*** Opening Given data ***

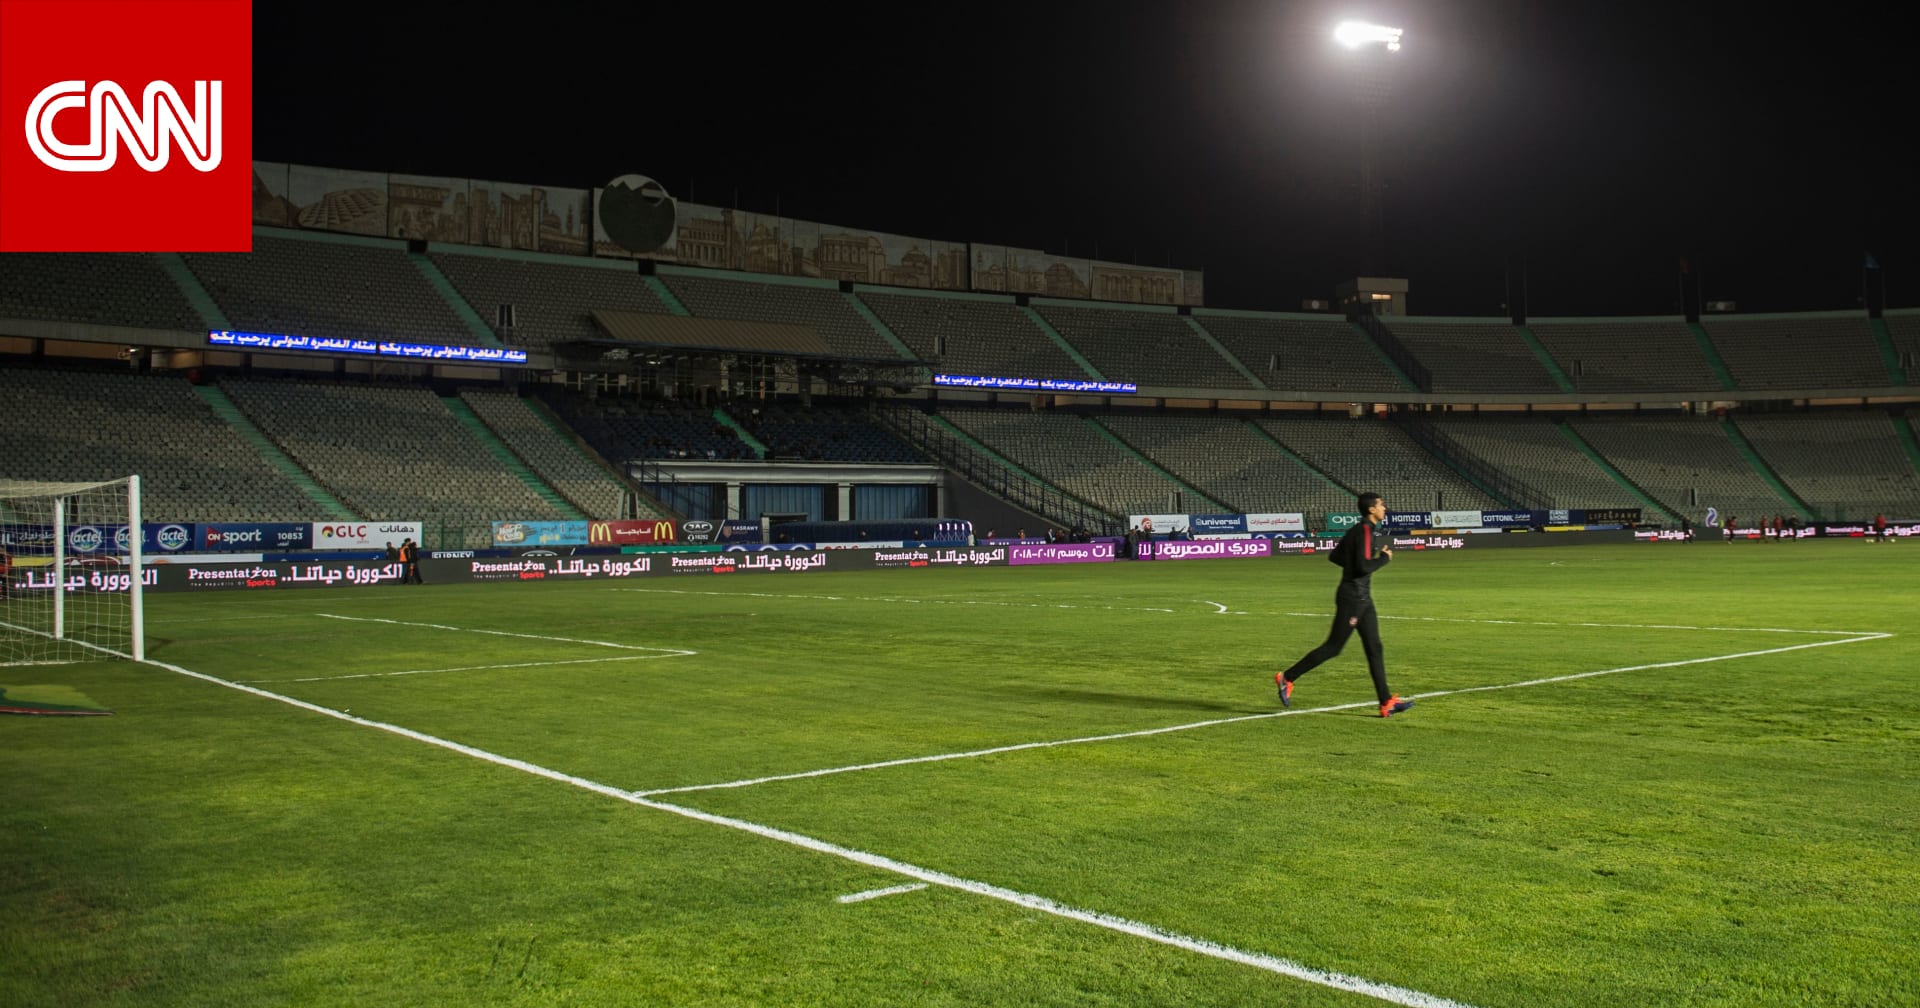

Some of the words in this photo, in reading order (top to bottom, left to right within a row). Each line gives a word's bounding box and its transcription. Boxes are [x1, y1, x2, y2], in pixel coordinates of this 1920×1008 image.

[1201, 517, 1241, 526] universal
[336, 525, 367, 538] GLC
[380, 525, 415, 533] دهانات
[207, 533, 220, 541] ON
[223, 529, 262, 543] sport
[1058, 550, 1088, 559] موسم
[1164, 542, 1224, 558] المصرية
[1228, 543, 1267, 555] دوري
[672, 555, 735, 567] Presentation
[784, 553, 826, 571] الكوورة
[969, 549, 1005, 564] الكوورة
[472, 560, 545, 572] Presentation
[603, 558, 650, 576] الكوورة
[189, 567, 277, 579] Presentation
[346, 563, 403, 584] الكوورة
[520, 571, 544, 579] Sports
[246, 579, 276, 588] Sports

*** Closing Given data ***

**Exercise aim:** Each word of the data should be repeated exactly, and the pictures left out.

**Result:**
Some of the words in this photo, in reading order (top to bottom, left to right within a row). Each line gives a word's bounding box and its transcription. Boxes are [x1, y1, x2, y2], in pixel coordinates of this 1920×1008 image.

[1201, 517, 1241, 526] universal
[336, 525, 367, 538] GLC
[380, 525, 415, 533] دهانات
[207, 533, 220, 541] ON
[223, 529, 262, 543] sport
[1058, 550, 1088, 559] موسم
[1164, 542, 1224, 558] المصرية
[1228, 543, 1267, 555] دوري
[672, 555, 735, 567] Presentation
[784, 553, 826, 571] الكوورة
[969, 549, 1005, 564] الكوورة
[472, 560, 545, 572] Presentation
[603, 558, 650, 576] الكوورة
[189, 567, 277, 579] Presentation
[346, 563, 403, 584] الكوورة
[520, 571, 544, 579] Sports
[246, 579, 276, 588] Sports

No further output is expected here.